I tend to be an optimist in most situations. I want to find the good in all things because I can’t believe that the world is entirely evil. I have to believe that there is good in the world. Sometimes, however, the good is hard to find.

I’m struggling to process the events last week at Sandy Hook Elementary. I cannot wrap my head around what things must have been in the mind of the shooter in order to do what he did. I don’t understand that kind of violence. I feel so much anger toward him. I’m angry that he killed so many innocent people. I’m angry that he murdered members of his own family. I’m angry that he took the easy way out and killed himself in the end. I’m angry that I no longer feel safe sending my own child to school, regardless of the probability of this happening in my own community.

I can’t keep myself from reading posts online, thinking about it, or watching the news stories. My eyes well up with tears.
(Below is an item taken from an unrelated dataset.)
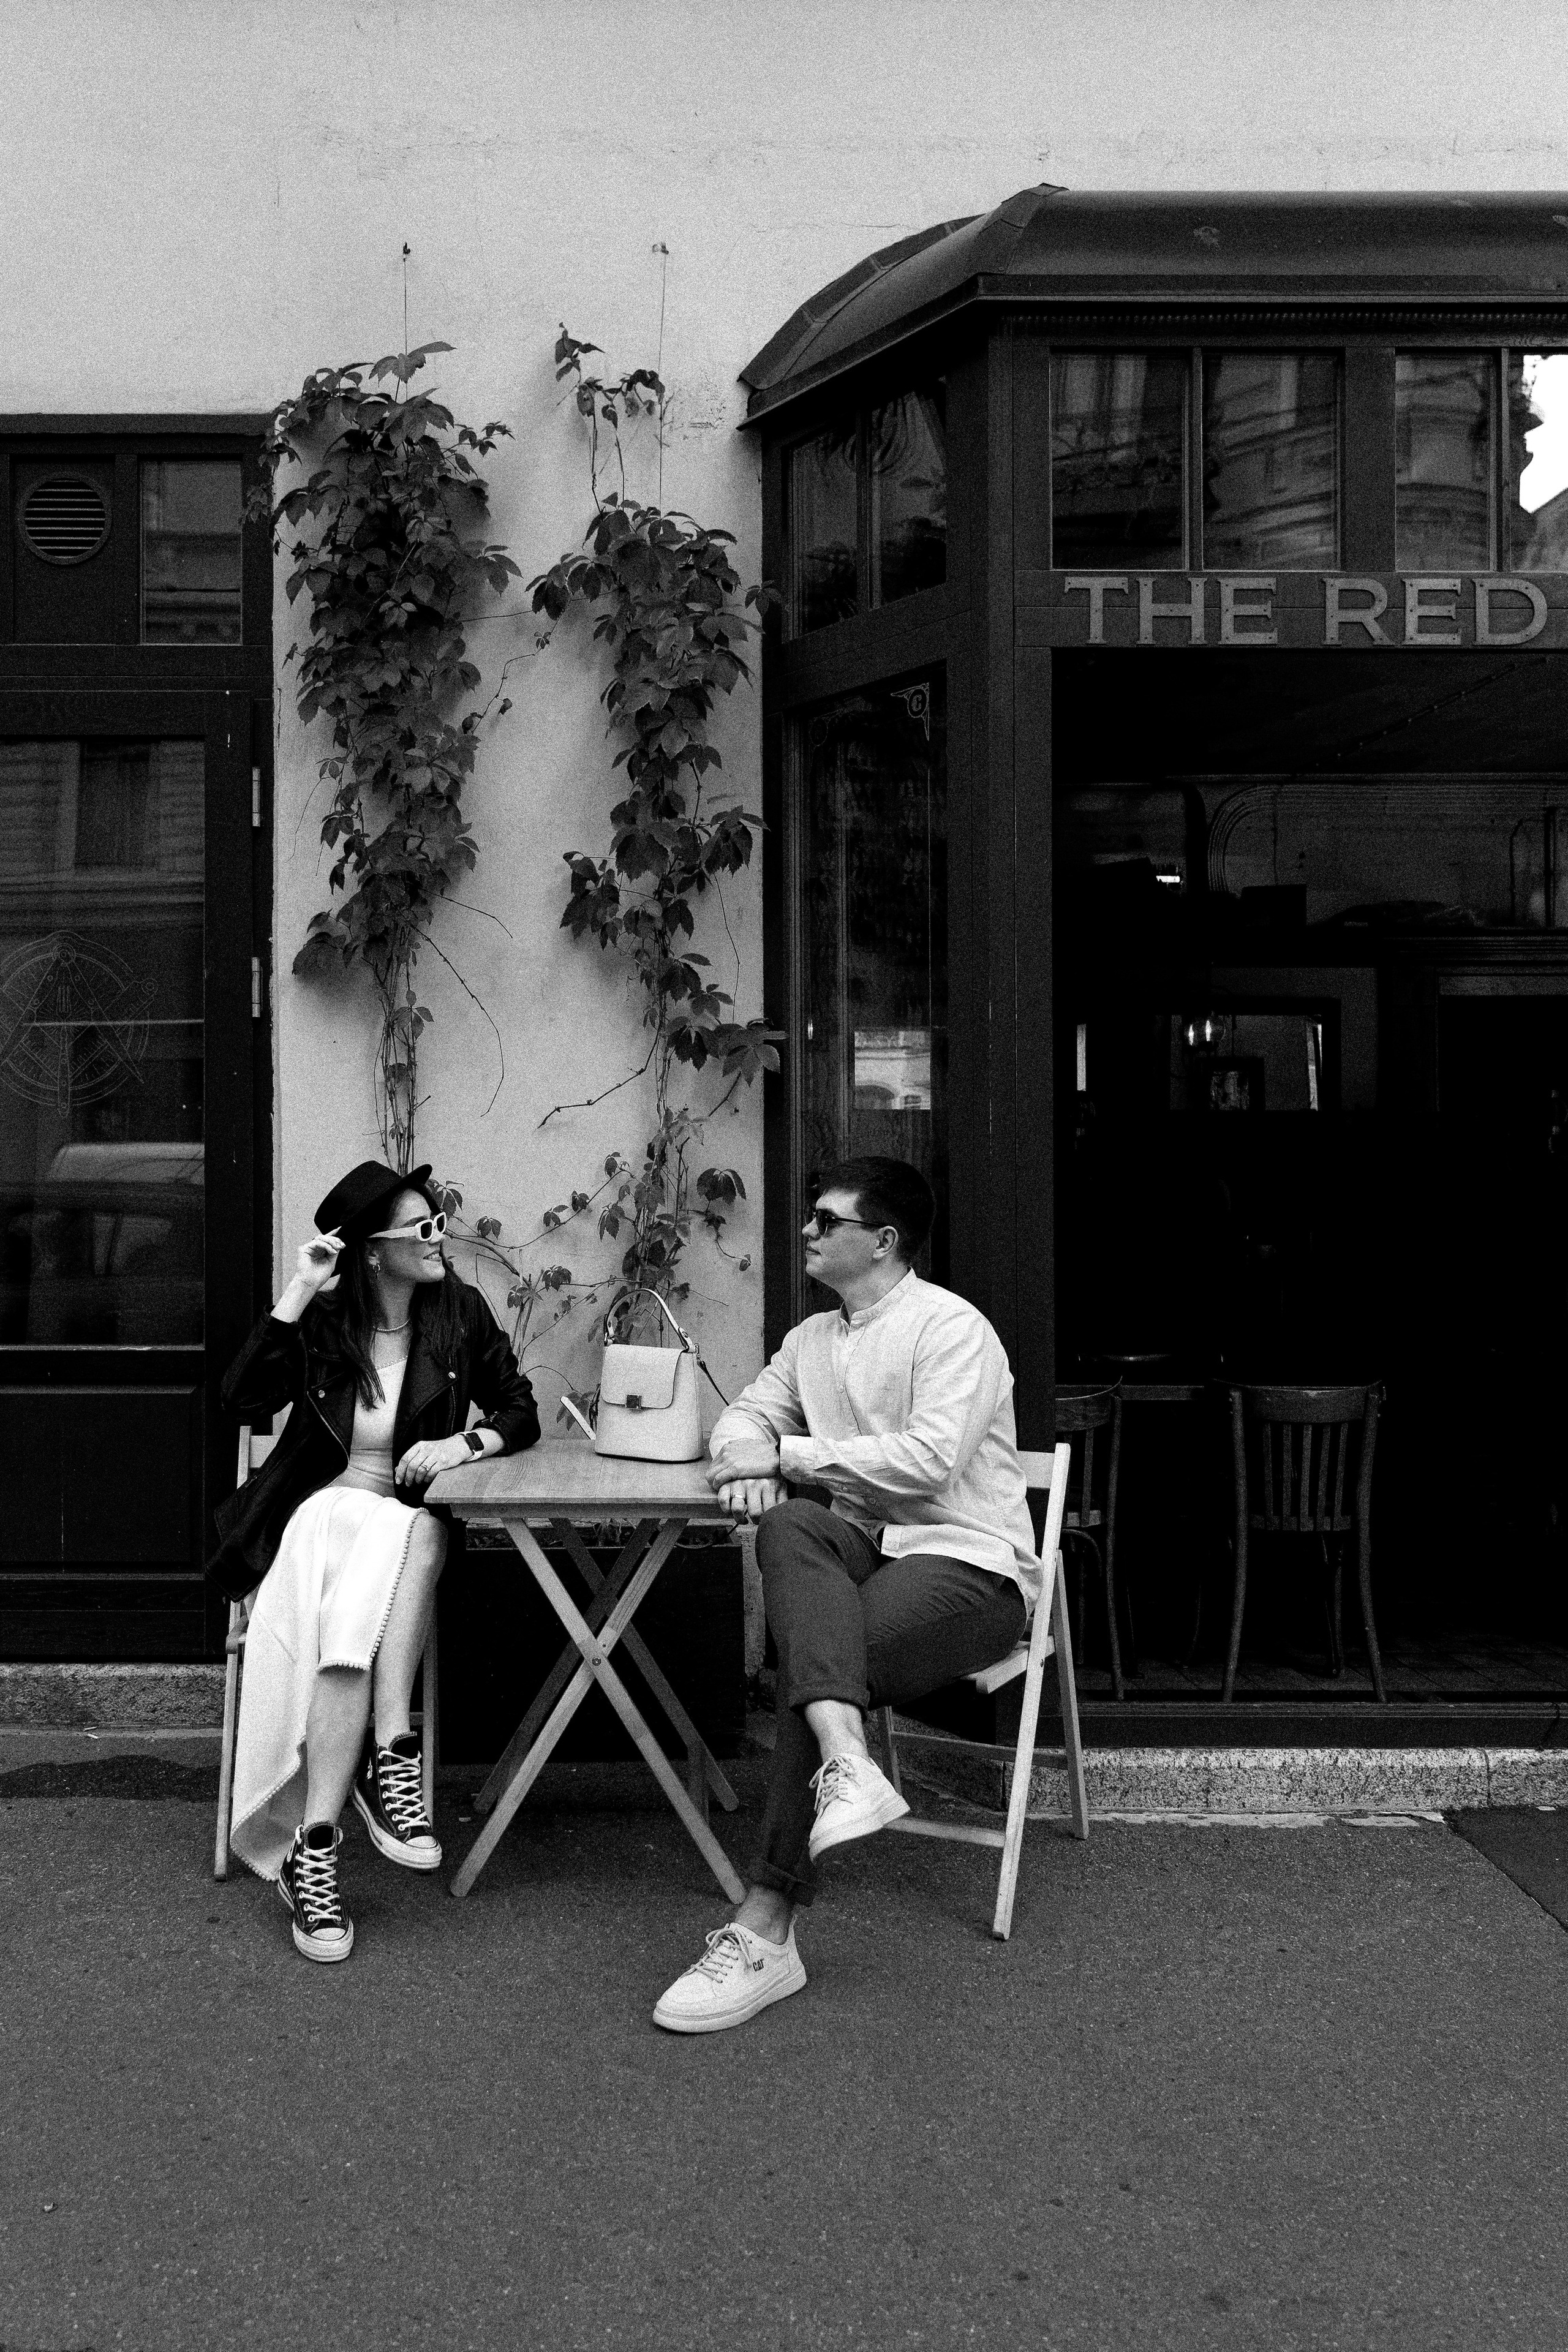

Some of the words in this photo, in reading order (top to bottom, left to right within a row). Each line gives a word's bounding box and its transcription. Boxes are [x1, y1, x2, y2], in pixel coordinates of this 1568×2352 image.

[1065, 576, 1278, 644] THE
[1323, 577, 1548, 646] RED
[752, 1958, 765, 1972] CAT
My heart aches when I think about the fear, not only of the children, but of the teachers who spend every day of their lives loving and protecting them. I imagine the feeling of helplessness when they realized there was nothing they could do to stop what was happening.

I imagine my own 7-year-old son, so oblivious to the truth of the violent world we live in. Just thinking about the fear he would feel in that situation paralyzes me. He knows what happened, at least the brief overview, but I don’t think he has connected it to his reality. He doesn’t realize that kids just like him got up that morning, griped about not wanting to go to school, said good-bye to their parents, walked through the school doors, and never came home again.

It is all just too much.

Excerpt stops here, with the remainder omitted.